An open-source cross-platform alternative to AirDrop - localsend/localsend

GitHub
@lispi314 @rysiek What about the option to set a PIN? Do you feel that compensates sufficiently or no? (It is off by default though of course. Probably shouldn't be.)
@nazokiyoubinbou @rysiek That's still distinctly worse than what Magic Wormhole (https://en.wikipedia.org/wiki/Wormhole_(protocol)) does with PAKE (https://en.wikipedia.org/wiki/Password-authenticated_key_agreement).

It being off by default is a major malus.
Wormhole (protocol) - Wikipedia

@lispi314 @rysiek I'll agree it should be on by default and just generate a random PIN or something. But it isn't hard to check the box. I'm wondering if more than this is needed for over the LAN (well, I wouldn't want to run this on the Web -- at least not without tunneling or something -- but it's not really meant for it.)

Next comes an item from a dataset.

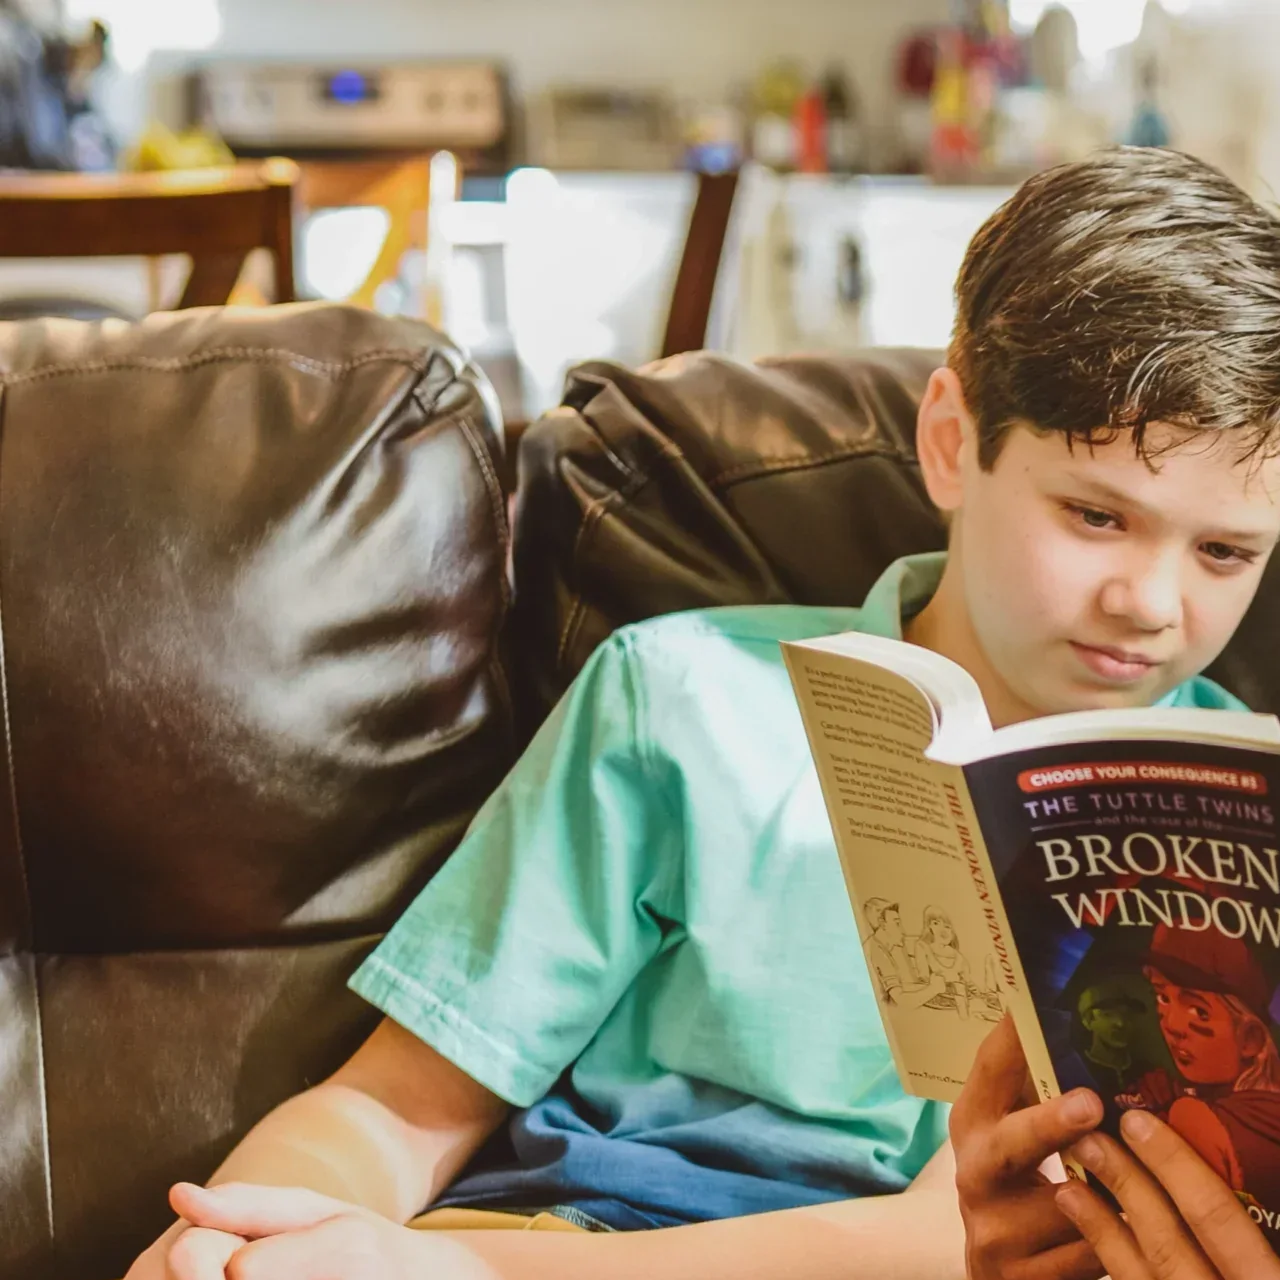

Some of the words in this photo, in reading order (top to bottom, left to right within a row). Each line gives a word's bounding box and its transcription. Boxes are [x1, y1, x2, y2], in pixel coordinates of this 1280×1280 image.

For basic LAN usage, only running it as needed, etc as intended, would you say the PIN is sufficient?

Is there anything with such an alternative that is as universal as this? LocalSend has builds for most modern computer types as well as Android and iOS smart devices.

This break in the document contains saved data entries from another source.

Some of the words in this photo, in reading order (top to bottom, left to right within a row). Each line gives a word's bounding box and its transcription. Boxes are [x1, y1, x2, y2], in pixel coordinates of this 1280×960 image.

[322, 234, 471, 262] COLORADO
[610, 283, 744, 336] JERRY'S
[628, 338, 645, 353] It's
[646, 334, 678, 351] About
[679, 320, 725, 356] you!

Right now I'm guessing it's ok for home LAN use, be very careful and judicious on public LANs, and of course WANs are a big no?

@nazokiyoubinbou @rysiek Assuming everything on the LAN can be trusted is a mistake.

IoT malware devices are common-enough to be a concern, as are other infected devices or malicious users (semi-public wifi networks, for example).

A pin long-enough to be safe against bruteforcing by such devices would be more unpleasant/error-prone than a passphrase.

A maximum number of tries enables DoS so that's not a good way to mitigate the issue either.

magic-wormhole and https://github.com/LeastAuthority/destiny differ by relay used. Passing the desktop/CLI program the right relay (and possibly transit-relay) as a parameter(s) enables them to interact without issue.

iOS is a difficulty for Free Software due to absurd costs in putting anything on the paywalled platform.

magic-wormhole is (originally) Python, so it should run on basically anything.
GitHub - LeastAuthority/destiny: Destiny – Cross-platform Magic Wormhole graphical client

Destiny – Cross-platform Magic Wormhole graphical client - LeastAuthority/destiny

GitHub
@rysiek @nazokiyoubinbou Huh. Destiny is on iOS apparently, so yeah that works too.

@lispi314 @rysiek Looks like it doesn't support ARM64 on MacOS though, so that does limit modern Apple devices somewhat.

Well, I'm not ever going to willingly use Apple devices, so for me this is a very viable alternative.

@nazokiyoubinbou @rysiek Given it's Golang (for Destiny), that is most likely because it hasn't been rebuilt/etc since for those platforms, as I assume that Apple provides compilers capable of doing this.

So rebuilding the source & paying the absurd fees would permit fixing that.

@lispi314 @rysiek I do want to say, looking this over, it does jump through more hoops. Am I correct in understanding it needs to connect through a relay server?

LocalSend's simplicity may win for simple things like just copying over a (non-serious) picture or driver file or something where security isn't that big of an issue anyway.

@nazokiyoubinbou @rysiek Yeah, it uses a mailbox/rendezvous server.

It's possible to use one in one's LAN. If the two peers can't connect to eachtoher, it then uses a transfer relay (this is also self-hostable).

It's not fully P2P, but it is e2ee.
@lispi314 @rysiek Yeah, that presents its own problems. Especially if offline. Not really sure if these two are quite direct competitors here.
@nazokiyoubinbou @rysiek I think Briar might be more suitable for fully P2P, but that's not /just/ file transfer (and the desktop version has more limited connectivity support).

@lispi314 @rysiek We are talking about simple file transfer across a LAN between devices here, right?

This seems like it might be starting to grow a bit overly complicated for what should be a simple task. I mean, sometimes even netcat would be fine for a lot of the stuff one might transfer.

@nazokiyoubinbou @rysiek Yes. Briar supports Bluetooth P2P connectivity.

It also supports WLAN & Tor.

@lispi314 @rysiek Thanks. That seems like an alternative well worth looking into.

Always a plus for me when something is on F-Droid.